Will Brazil Go Out of Business?

August 16, 2016 by Douglas A. McIntyre

Brazil’s problems spread beyond a terrible management of the Olympics and a scandal that has badly hurt its oil company, Petróleo Brasileiro S.A. (NYSE: PBR), better known as Petrobras. It goes beyond graft accusations against president Dilma Rousseff and other high-ranked politicians. Brazil’s economy is sliding toward disaster, and it may have to ask for outside aid as a protection against sovereign default.

The level of bank defaults is already at record highs. According to Reuters:

Bank loan defaults in Brazil hit an all-time high in April as the harshest recession in at least eight decades and rising borrowing costs are making it much harder for consumer and corporate borrowers to stay current on their debt.

And then there is the huge state of Rio de Janeiro. The Wall Street Journal reported:

The state of Rio de Janeiro missed an $8.4 million payment to an international creditor as a debt crisis in Brazil’s state governments deepened amid what the federal Finance Ministry has called “out-of-control personnel expenditures.”

Standard & Poor’s recently downgraded Brazil’s long-term currency rate to BB from BB+, which puts it even deeper into the junk category. The ratings agency also put its outlook at negative, a sign that the lowering has not ended. It was the second cut in six months.

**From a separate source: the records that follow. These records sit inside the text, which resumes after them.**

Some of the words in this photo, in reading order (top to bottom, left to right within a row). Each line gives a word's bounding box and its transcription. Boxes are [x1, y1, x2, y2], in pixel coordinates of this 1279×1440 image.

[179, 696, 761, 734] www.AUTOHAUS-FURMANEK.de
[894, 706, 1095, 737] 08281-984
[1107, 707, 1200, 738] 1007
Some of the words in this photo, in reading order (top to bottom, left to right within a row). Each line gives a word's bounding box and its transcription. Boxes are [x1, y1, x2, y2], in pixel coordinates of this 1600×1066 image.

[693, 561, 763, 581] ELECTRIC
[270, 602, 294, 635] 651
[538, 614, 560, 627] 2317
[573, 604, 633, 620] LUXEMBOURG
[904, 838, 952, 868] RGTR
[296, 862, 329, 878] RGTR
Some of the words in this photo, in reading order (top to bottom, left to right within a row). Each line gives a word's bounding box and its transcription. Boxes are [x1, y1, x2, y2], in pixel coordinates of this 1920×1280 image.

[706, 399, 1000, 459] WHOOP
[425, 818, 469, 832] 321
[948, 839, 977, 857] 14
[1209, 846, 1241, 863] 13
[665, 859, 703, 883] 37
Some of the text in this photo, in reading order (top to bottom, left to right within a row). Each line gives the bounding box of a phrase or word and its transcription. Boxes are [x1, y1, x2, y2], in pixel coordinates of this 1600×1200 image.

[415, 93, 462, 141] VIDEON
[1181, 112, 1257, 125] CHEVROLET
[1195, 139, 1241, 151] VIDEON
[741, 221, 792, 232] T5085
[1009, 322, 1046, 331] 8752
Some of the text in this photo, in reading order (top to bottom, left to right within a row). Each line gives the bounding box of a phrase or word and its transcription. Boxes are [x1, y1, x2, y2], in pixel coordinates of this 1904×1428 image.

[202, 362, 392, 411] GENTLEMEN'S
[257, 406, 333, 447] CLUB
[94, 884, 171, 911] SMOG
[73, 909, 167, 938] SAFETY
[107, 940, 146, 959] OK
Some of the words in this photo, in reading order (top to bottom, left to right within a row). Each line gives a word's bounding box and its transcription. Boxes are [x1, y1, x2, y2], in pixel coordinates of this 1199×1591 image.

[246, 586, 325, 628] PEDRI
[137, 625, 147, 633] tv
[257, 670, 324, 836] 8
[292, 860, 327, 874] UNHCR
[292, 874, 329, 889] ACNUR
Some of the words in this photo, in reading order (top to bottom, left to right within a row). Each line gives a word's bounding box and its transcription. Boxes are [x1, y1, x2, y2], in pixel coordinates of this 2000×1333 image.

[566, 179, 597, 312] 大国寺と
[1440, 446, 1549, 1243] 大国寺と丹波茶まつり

In a recent article in the Financial Times, writers compared the Brazil problem with that in Spain after its economy collapsed in 2009. Brazil, the authors wrote, needs a similar bailout. Its oil income has been troubled. The support the Chinese have given it has slipped. The Telegraph made the same point. The sooner Brazil asks for help from the International Monetary Fund, the better.

The Olympics have distracted from Brazil’s larger problem. It is on the edge of financial collapse.